Creating a parallel processing flow

Parallel processing in a flow can be easily incorporated by using p_route / p_route_dynamic and p_join constructs.
Below is a sample parallel processing flow:

Parallel process flow

And the process definition json for this flow:

{
  "journey": {
    "name": "parallel_test",
    "flow": [
      {
        "name": "start",
        "component": "start",
        "next": "route_1"
      },
      {
        "name": "route_1",
        "type": "p_route",
        "component": "route_1",
        "branches": [
          {
            "name": "1",
            "next": "step_2"
          },
          {
            "name": "2",
            "next": "step_4"
          },
          {
            "name": "3",
            "next": "step_6"
          }
        ]
      },
      {
        "name": "step_2",
        "component": "step_2",
        "next": "step_3"
      },
      {
        "name": "step_3",
        "component": "step_3",
        "next": "step_3a"
      },
      {
        "name": "step_3a",
        "component": "step_3a",
        "next": "join_1"
      },
      {
        "name": "step_4",
        "component": "step_4",
        "next": "step_5"
      },
      {
        "name": "step_5",
        "component": "step_5",
        "next": "join_1"
      },
      {
        "name": "step_6",
        "component": "step_6",
        "next": "step_7"
      },
      {
        "name": "step_7",
        "component": "step_7",
        "next": "join_1"
      },
      {
        "name": "join_1",
        "type": "p_join",
        "next": "step_8"
      },
      {
        "name": "step_8",
        "component": "step_8",
        "next": "end"
      }
    ]
  }
}

Constraints on parallel processing

While enabling parallel processing in flows, the following need to be observed:

  1. Flowret will execute each branch on a separate thread. Any synchronization issues on the application
    side (due to shared variables etc.) need to be handled by the application. This does
    not apply to the application changing process variables as access to process variables is internally synchronized
    by Flowret
  2. All outgoing branching from a p_route must converge to a corresponding p_join
  3. In case a ticket is raised on a branch executing on a parallel processing thread, it must refer to a step
    which would have executed on the single processing thread of the process. This means that the
    step should be outside of the outest p_route / p_join construct

Initialize Flowret – needs to be done only once at startup

Flowret.init(maxThreads, idleTimeout, typeIdSep);

int maxThreads specifies the maxiumum number of threads
in the pool used for parallel processing. By default, the caller thread
is used to run the process in case of single threaded process.

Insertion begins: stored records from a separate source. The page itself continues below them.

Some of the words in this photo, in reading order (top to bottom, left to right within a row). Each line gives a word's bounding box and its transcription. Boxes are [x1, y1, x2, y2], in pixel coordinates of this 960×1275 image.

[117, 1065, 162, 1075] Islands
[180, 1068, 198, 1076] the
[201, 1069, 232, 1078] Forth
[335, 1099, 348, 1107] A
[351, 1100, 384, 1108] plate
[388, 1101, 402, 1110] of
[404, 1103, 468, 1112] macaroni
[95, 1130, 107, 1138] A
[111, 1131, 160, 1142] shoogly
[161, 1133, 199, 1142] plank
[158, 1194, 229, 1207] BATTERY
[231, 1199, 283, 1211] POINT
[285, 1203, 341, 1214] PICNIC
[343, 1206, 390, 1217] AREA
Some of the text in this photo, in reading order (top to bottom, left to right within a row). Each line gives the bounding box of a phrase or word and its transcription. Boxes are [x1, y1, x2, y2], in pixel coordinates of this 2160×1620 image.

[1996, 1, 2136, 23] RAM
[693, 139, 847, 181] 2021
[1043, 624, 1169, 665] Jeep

int idleTimeout specifies the idle time of a thread in the parallel
processing thread pool after which it will be terminated to conserve system resources.

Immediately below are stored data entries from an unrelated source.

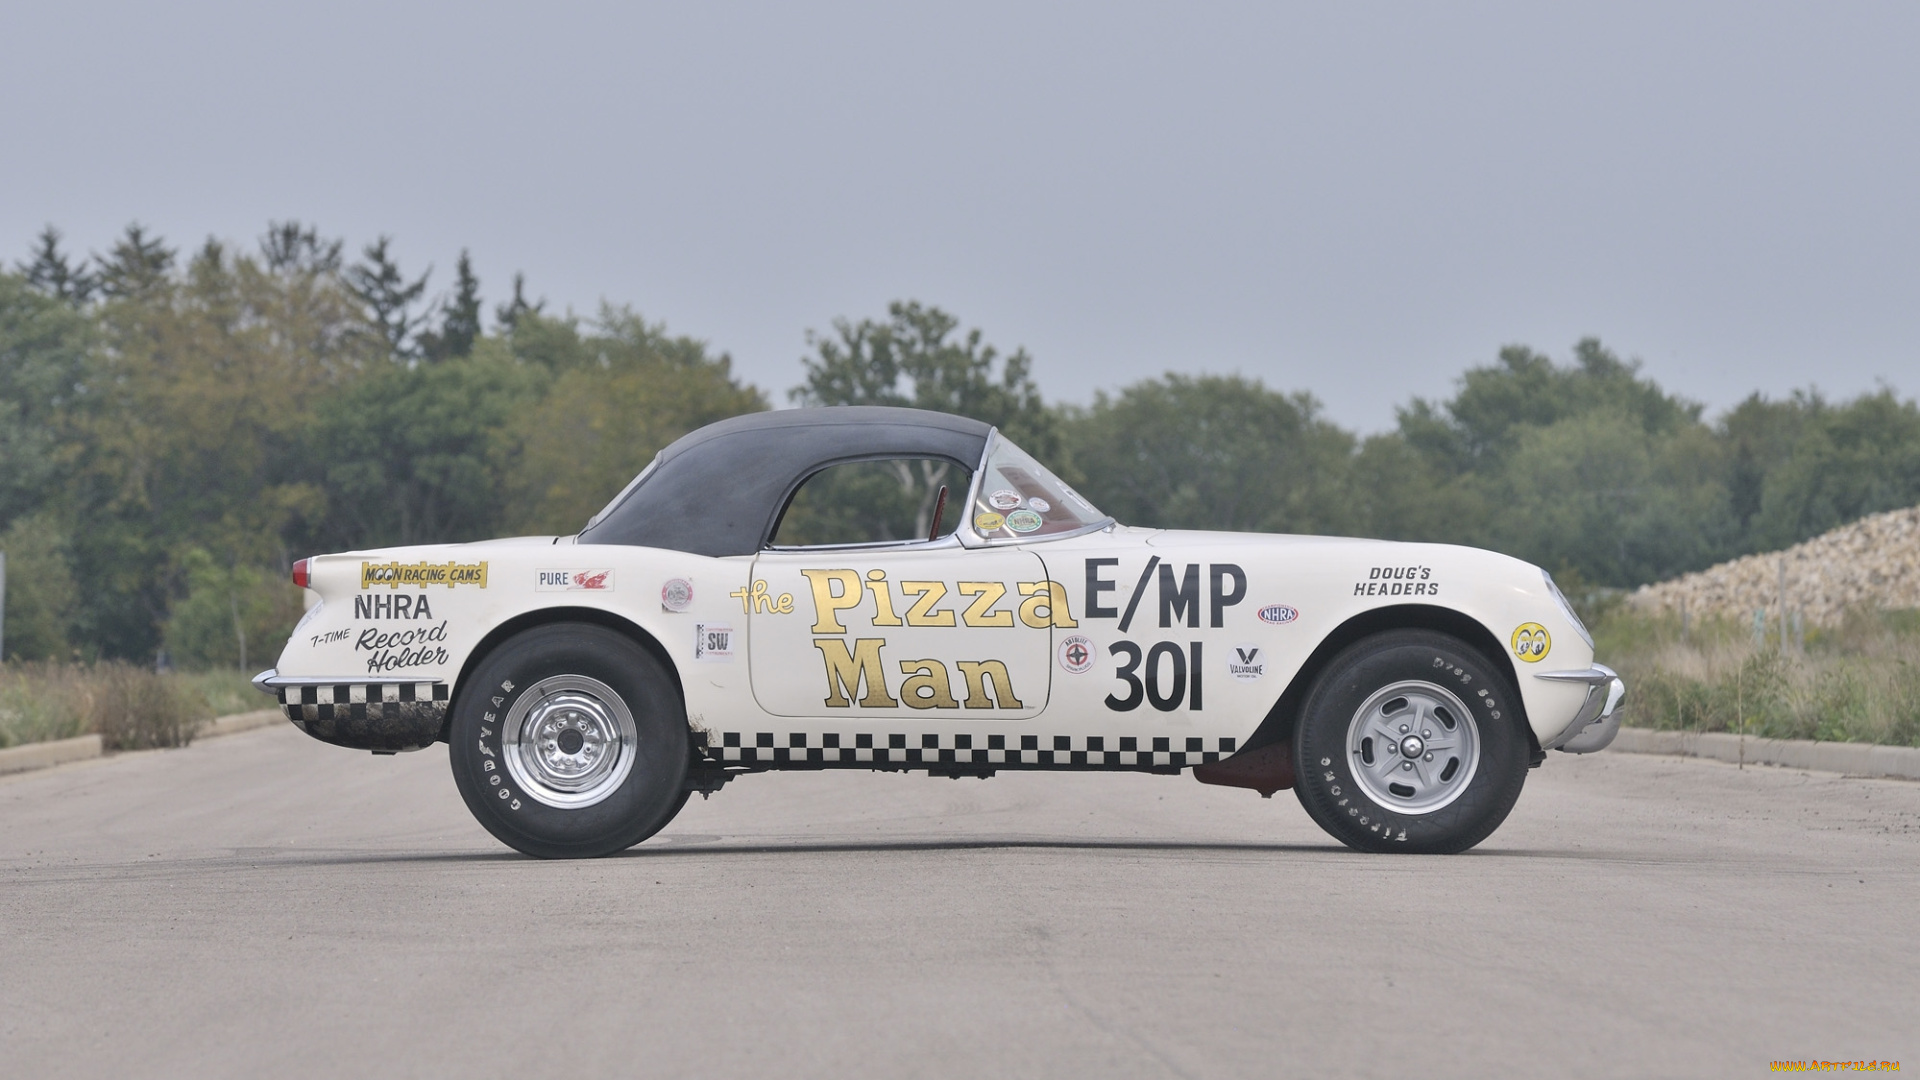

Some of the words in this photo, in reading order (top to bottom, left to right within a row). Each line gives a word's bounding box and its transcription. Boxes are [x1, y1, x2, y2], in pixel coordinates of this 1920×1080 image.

[364, 567, 403, 581] MOON
[403, 569, 447, 581] RACING
[449, 569, 482, 581] CAMS
[539, 572, 569, 586] PURE
[1369, 565, 1431, 580] DOUG'S
[730, 579, 794, 615] the
[1085, 555, 1247, 634] E/MP
[1353, 582, 1439, 596] HEADERS
[354, 594, 433, 620] NHRA
[800, 568, 1079, 635] Pizza
[1264, 608, 1293, 621] NHRA
[310, 628, 351, 648] 7-TIME
[355, 619, 448, 651] Record
[707, 632, 729, 651] SW
[1065, 637, 1087, 647] AUTOLITE
[367, 645, 449, 673] Holder
[1229, 663, 1263, 676] VALVOLINE
[813, 637, 1024, 710] Man
[1104, 640, 1203, 712] 301
[478, 679, 522, 811] GOODYEAR
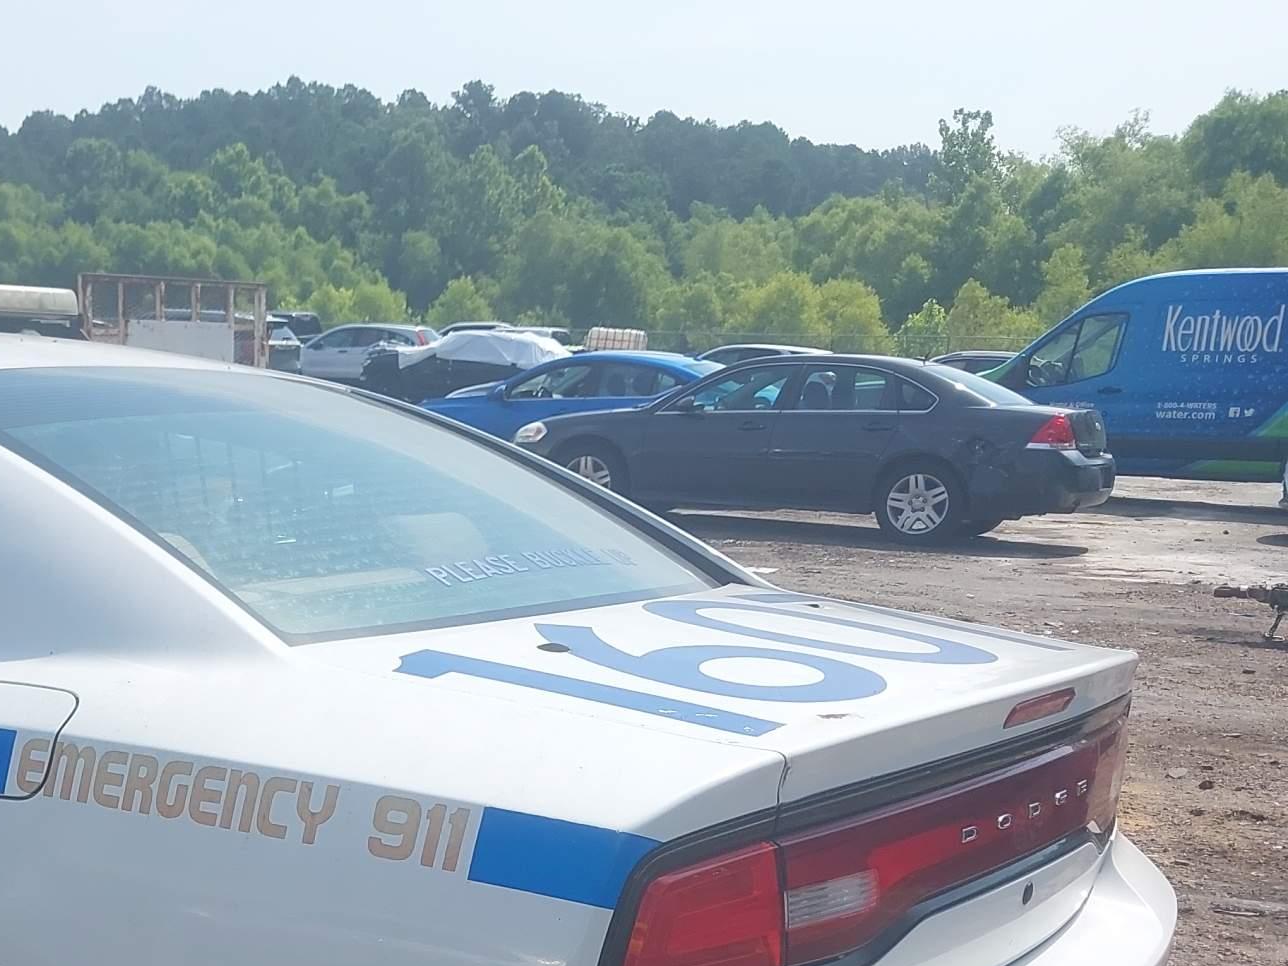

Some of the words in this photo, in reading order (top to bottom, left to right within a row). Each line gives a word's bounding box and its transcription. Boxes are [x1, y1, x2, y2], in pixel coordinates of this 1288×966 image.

[1162, 304, 1286, 352] Kentwood
[1180, 354, 1257, 363] SPRINGS
[1155, 410, 1216, 420] water.com
[425, 554, 529, 587] PLEASE
[520, 548, 607, 570] BUCKLE
[16, 736, 341, 846] EMERGENCY
[367, 794, 472, 873] 911
[962, 779, 1088, 844] DODGE

String typeIdSep specifies the character to be used as the separator between the type and id
fields in the name of the document to be written to the data store (via dao object).
Flowret uses the following document naming convention:

At this point of time, we can describe the various documents that Flowret writes to the data store
as it executes a case.

  1. Audit Log – a document that stores the state of the execution paths and process variables after
    execution of each step / route

    1. Type – flowret_audit_log
    2. Separator – -
    3. id – __
    4. Example – flowret_audit_log-1_00001_step_13
  2. Journey – the document that stores the process definition which a case needs to execute
    1. Type – flowret_journey
    2. Separator – -
    3. id –
    4. Example – flowret_journey-1
  3. Process Info – the document that stores the latest state of the process in terms of
    execution paths and process variables

    1. Type – flowret_process_info
    2. Separator – -
    3. id –
    4. Example – flowret_process_info-1

Get an instance of Flowret

Flowret is a singleton object.

Flowret flowret = Flowret.instance();

Get runtime service of Flowret

Rts rts = Flowret.getRunTimeService(dao, factory, handler, SlaQueueManager);

The application is expected to provide the following objects
to the run time service for Flowret to use:

FlowretDao dao specifies an object that implements the FlowretDao interface as below.
This object will be used to persist the state of the process.

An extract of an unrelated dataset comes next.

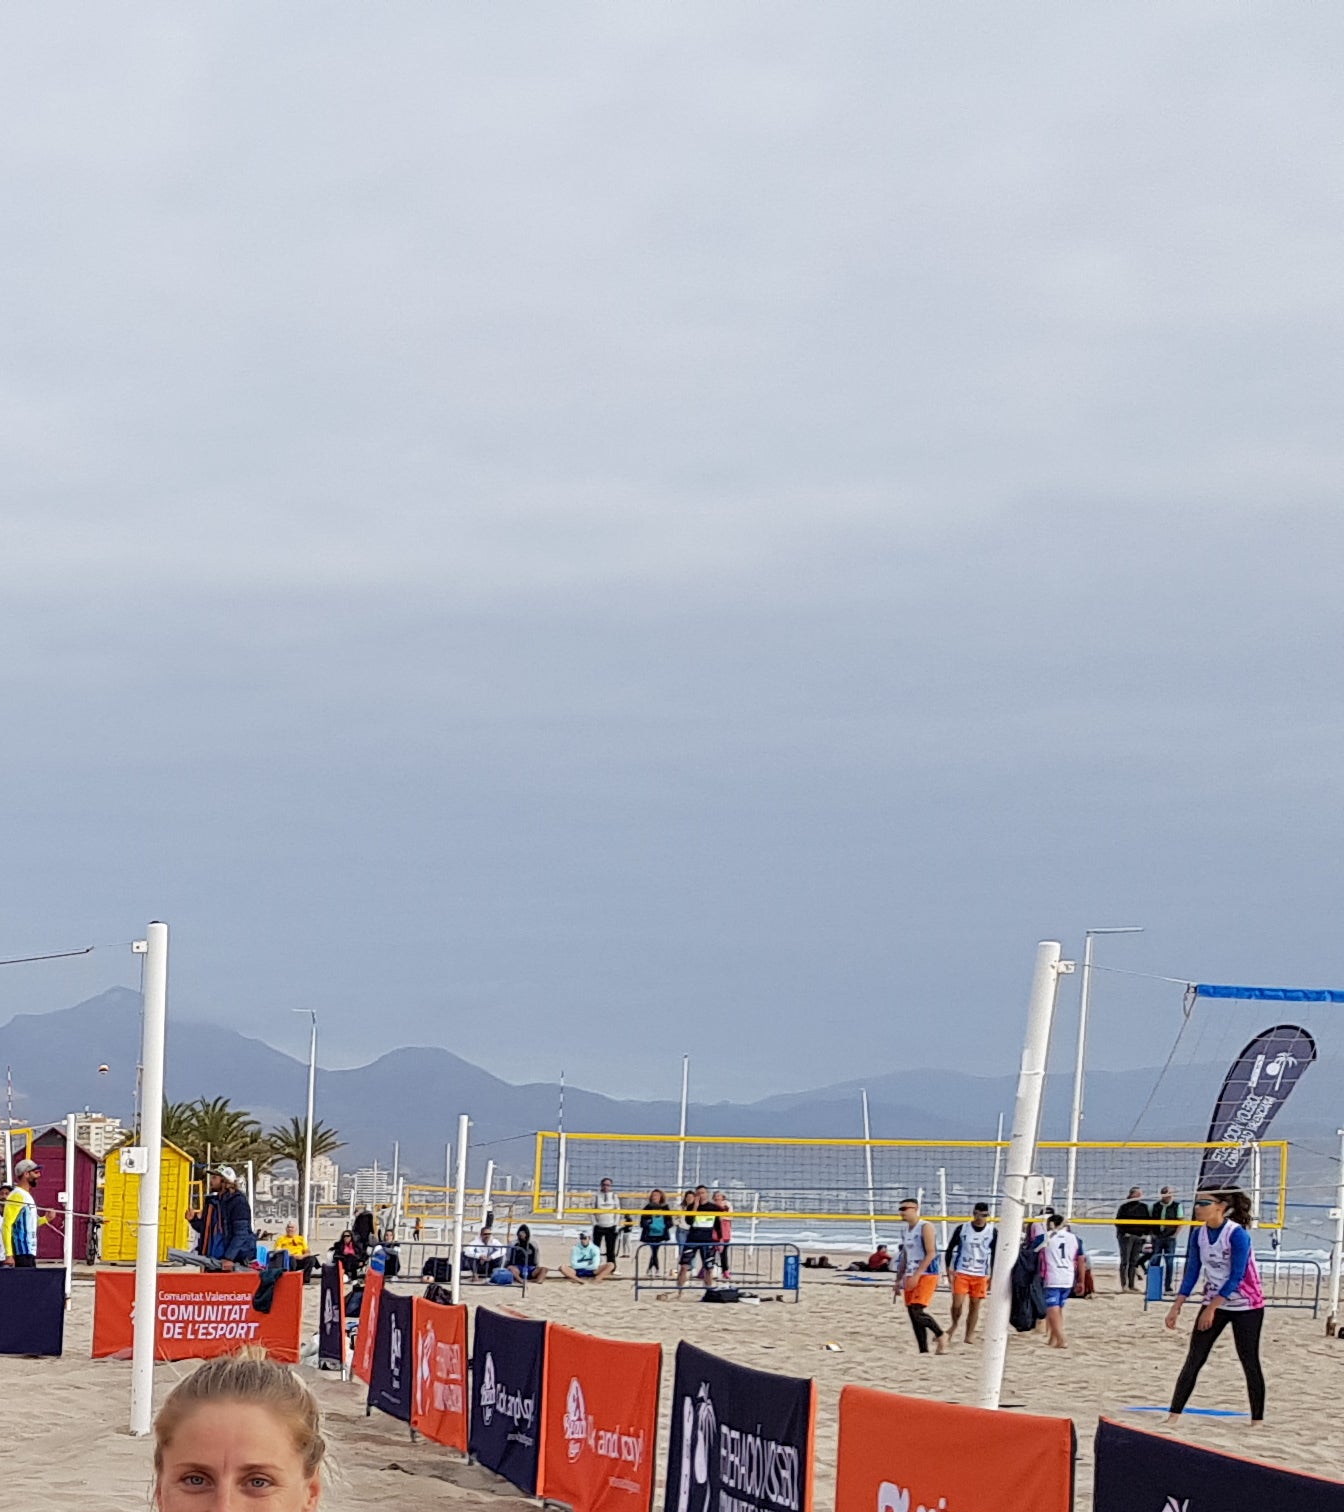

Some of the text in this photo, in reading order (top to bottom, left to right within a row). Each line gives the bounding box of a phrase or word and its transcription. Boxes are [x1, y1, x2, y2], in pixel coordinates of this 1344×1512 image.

public interface FlowretDao {
  public void write(String key, Document d);
  public Document read(String key);
  public long incrCounter(String key);
}

ProcessComponentFactory factory specifies an object that implements the ProcessComponentFactory interface
as below. This object is called upon to create an instance of the class
on which the execute method of a step or a route will be invoked. Flowret will pass the
process context to this object.

public interface ProcessComponentFactory {
  public Object getObject(ProcessContext pc);
}

The object returned by the above implementation must implement the interface InvokableStep
in case a step is to be executed or InvokableRoute in case a route is to be executed. The passed process context
contains details of the step or route to be executed which include the name of the component
in the application domain which represents the step or route.

public interface InvokableStep {
  public StepResponse executeStep();
}

public interface InvokableRoute {
  public RouteResponse executeRoute();
}

Event Handler handler specifies an object that implements the EventHandler interface as below. Methods on this
object will be invoked to inform the application of process life cycle events.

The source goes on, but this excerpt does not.